Prolonged cardiac repolarization and QT interval, imparting a risk of developing cardiac arrhythmia and torsades de pointes, have been seen with treatment with macrolides, including azithromycin. Cases of torsades de pointes have been spontaneously reported during postmarketing surveillance in patients receiving azithromycin. Providers should consider the risk of QT prolongation which can be fatal when weighing the risks and benefits of azithromycin for at-risk groups including:

patients with known prolongation of the QT interval, a history of torsades de pointes, congenital long QT syndrome, bradyarrhythmias or uncompensated heart failure
patients on drugs known to prolong the QT interval
patients with ongoing proarrhythmic conditions such as uncorrected hypokalemia or hypomagnesemia, clinically significant bradycardia, and in patients receiving Class IA (quinidine, procainamide) or Class III (dofetilide, amiodarone, sotalol) antiarrhythmic agents.

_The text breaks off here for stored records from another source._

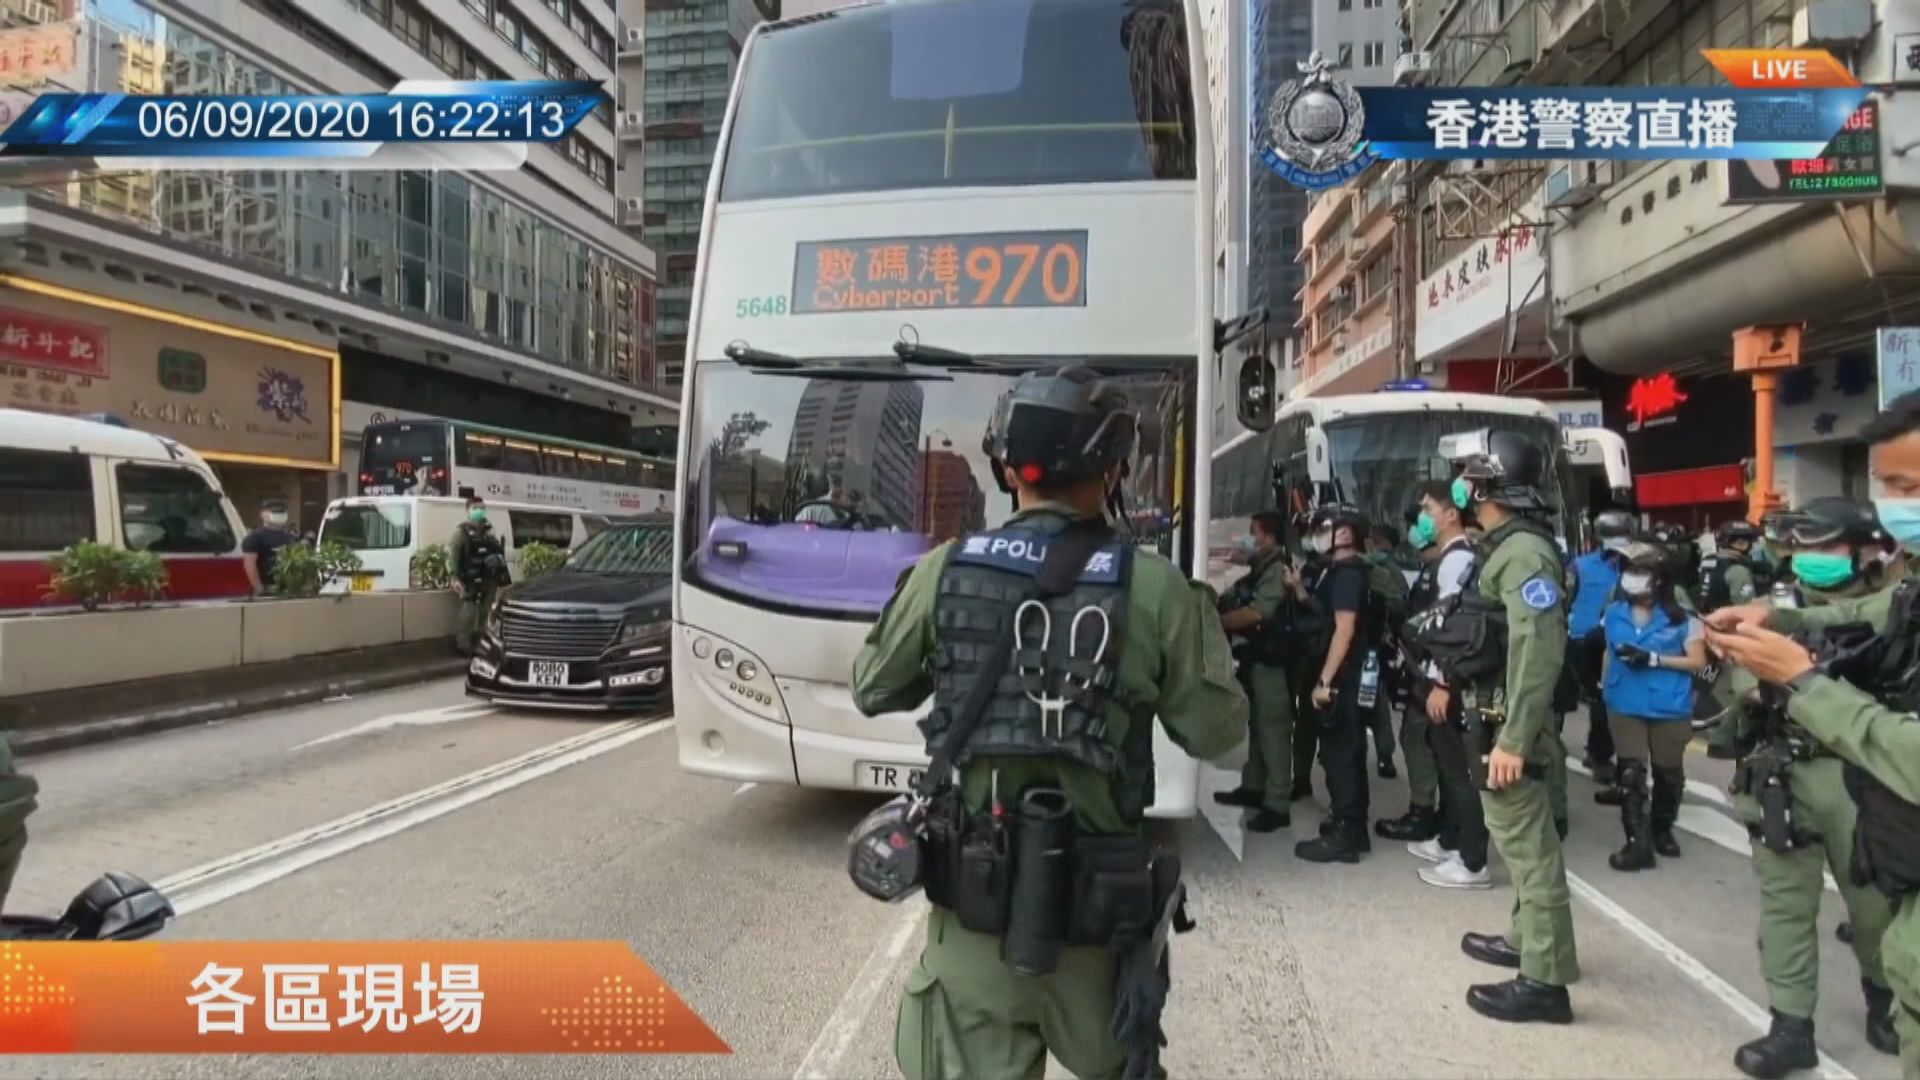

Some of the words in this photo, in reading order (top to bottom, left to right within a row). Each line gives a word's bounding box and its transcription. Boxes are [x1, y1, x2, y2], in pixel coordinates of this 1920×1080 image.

[816, 244, 958, 286] 數碼港
[965, 242, 1081, 305] 970
[735, 295, 787, 319] 5648
[813, 281, 959, 310] Cyberport
[991, 538, 1047, 562] POLI
[869, 765, 897, 787] TR
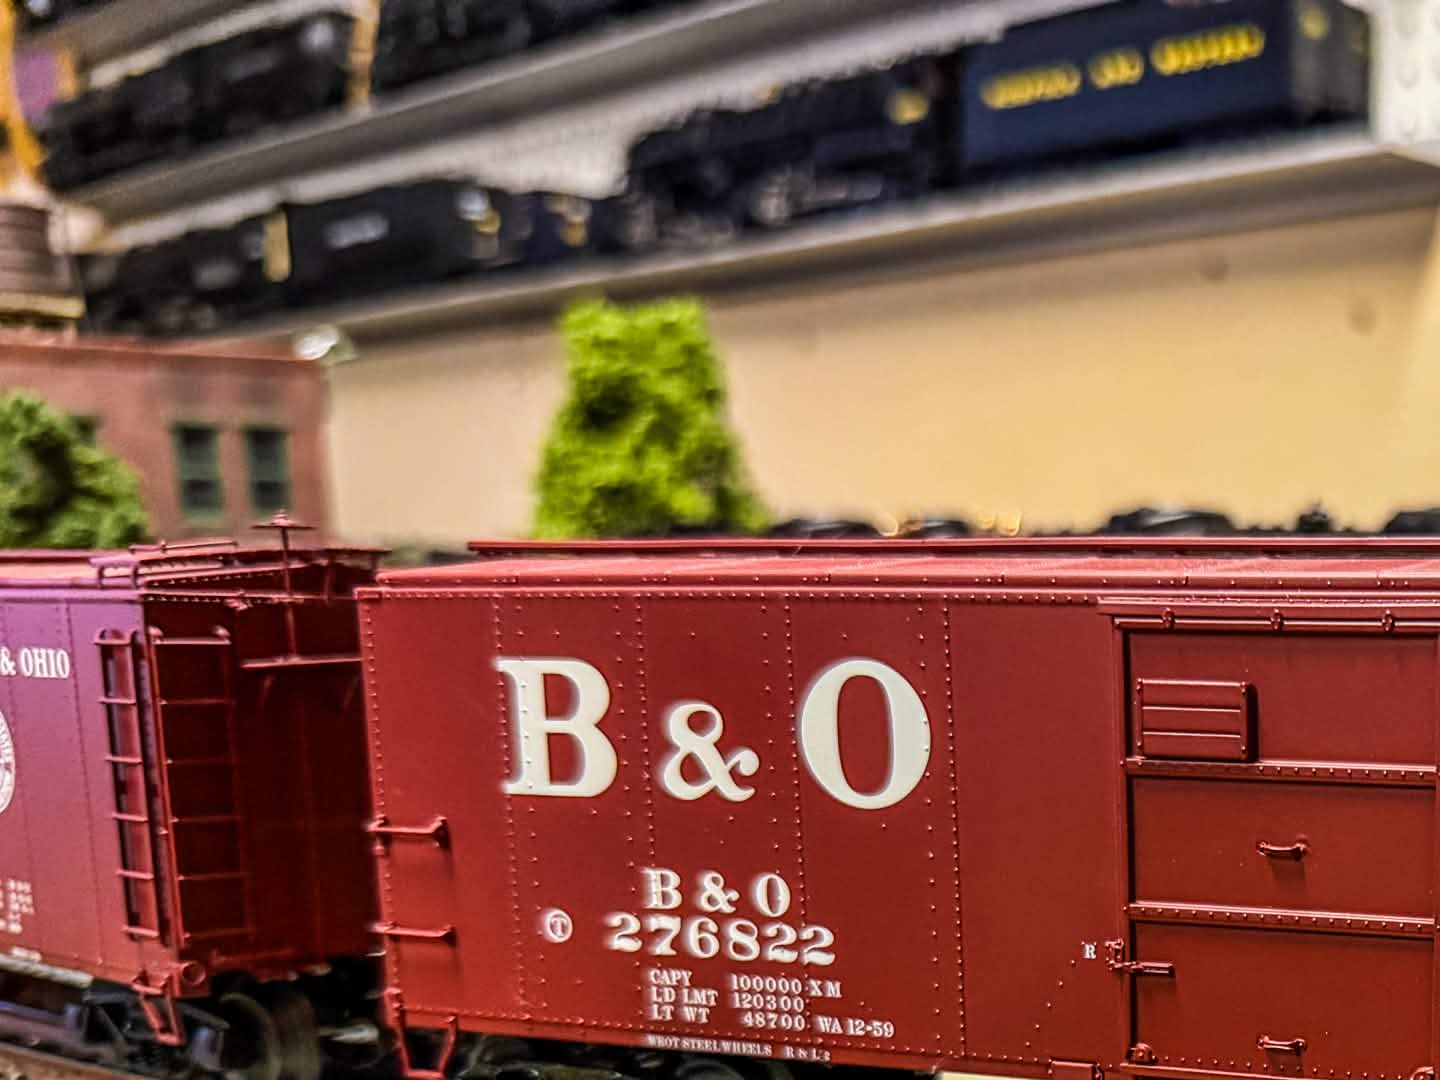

Elderly patients may be more susceptible to drug-associated effects on the QT interval.

5.5 Cardiovascular Death

Some observational studies have shown an approximately two-fold increased short-term potential risk of acute cardiovascular death in adults exposed to azithromycin relative to other antibacterial drugs, including amoxicillin. The five-day cardiovascular mortality observed in these studies ranged from 20 to 400 per million azithromycin treatment courses. This potential risk was noted to be greater during the first five days of azithromycin use and does not appear to be limited to those patients with preexisting cardiovascular diseases. The data in these observational studies are insufficient to establish or exclude a causal relationship between acute cardiovascular death and azithromycin use. Consider balancing this potential risk with treatment benefits when prescribing azithromycin.

5.6 Clostridioides difficile-Associated Diarrhea (CDAD)

Clostridioides difficile-associated diarrhea has been reported with use of nearly all antibacterial agents, including azithromycin, and may range in severity from mild diarrhea to fatal colitis. Treatment with antibacterial agents alters the normal flora of the colon, leading to overgrowth of C. difficile.

C. difficile produces toxins A and B which contribute to the development of CDAD. Hypertoxin producing strains of C. difficile cause increased morbidity and mortality, as these infections can be refractory to antibacterial therapy and may require colectomy. CDAD must be considered in all patients who present with diarrhea following antibiotic use. Careful medical history is necessary since CDAD has been reported to occur over two months after the administration of antibacterial agents.

If CDAD is suspected or confirmed, ongoing antibiotic use not directed against C. difficile may need to be discontinued. Appropriate fluid and electrolyte management, protein supplementation, antibiotic treatment of C. difficile, and surgical evaluation should be instituted as clinically indicated.

5.7 Exacerbation of Myasthenia Gravis

Exacerbation of symptoms of myasthenia gravis and new onset of myasthenic syndrome have been reported in patients receiving azithromycin therapy.

5.8 Use in Sexually Transmitted Infections

Azithromycin, at the recommended dose, should not be relied upon to treat syphilis. Antibacterial agents used to treat non-gonococcal urethritis may mask or delay the symptoms of incubating syphilis. All patients with sexually transmitted urethritis or cervicitis should have a serologic test for syphilis and appropriate testing for gonorrhea performed at the time of diagnosis. Appropriate antibacterial therapy and follow-up tests for these diseases should be initiated if infection is confirmed.

5.9 Development of Drug-Resistant Bacteria

Prescribing azithromycin in the absence of a proven or strongly suspected bacterial infection is unlikely to provide benefit to the patient and increases the risk of the development of drug-resistant bacteria.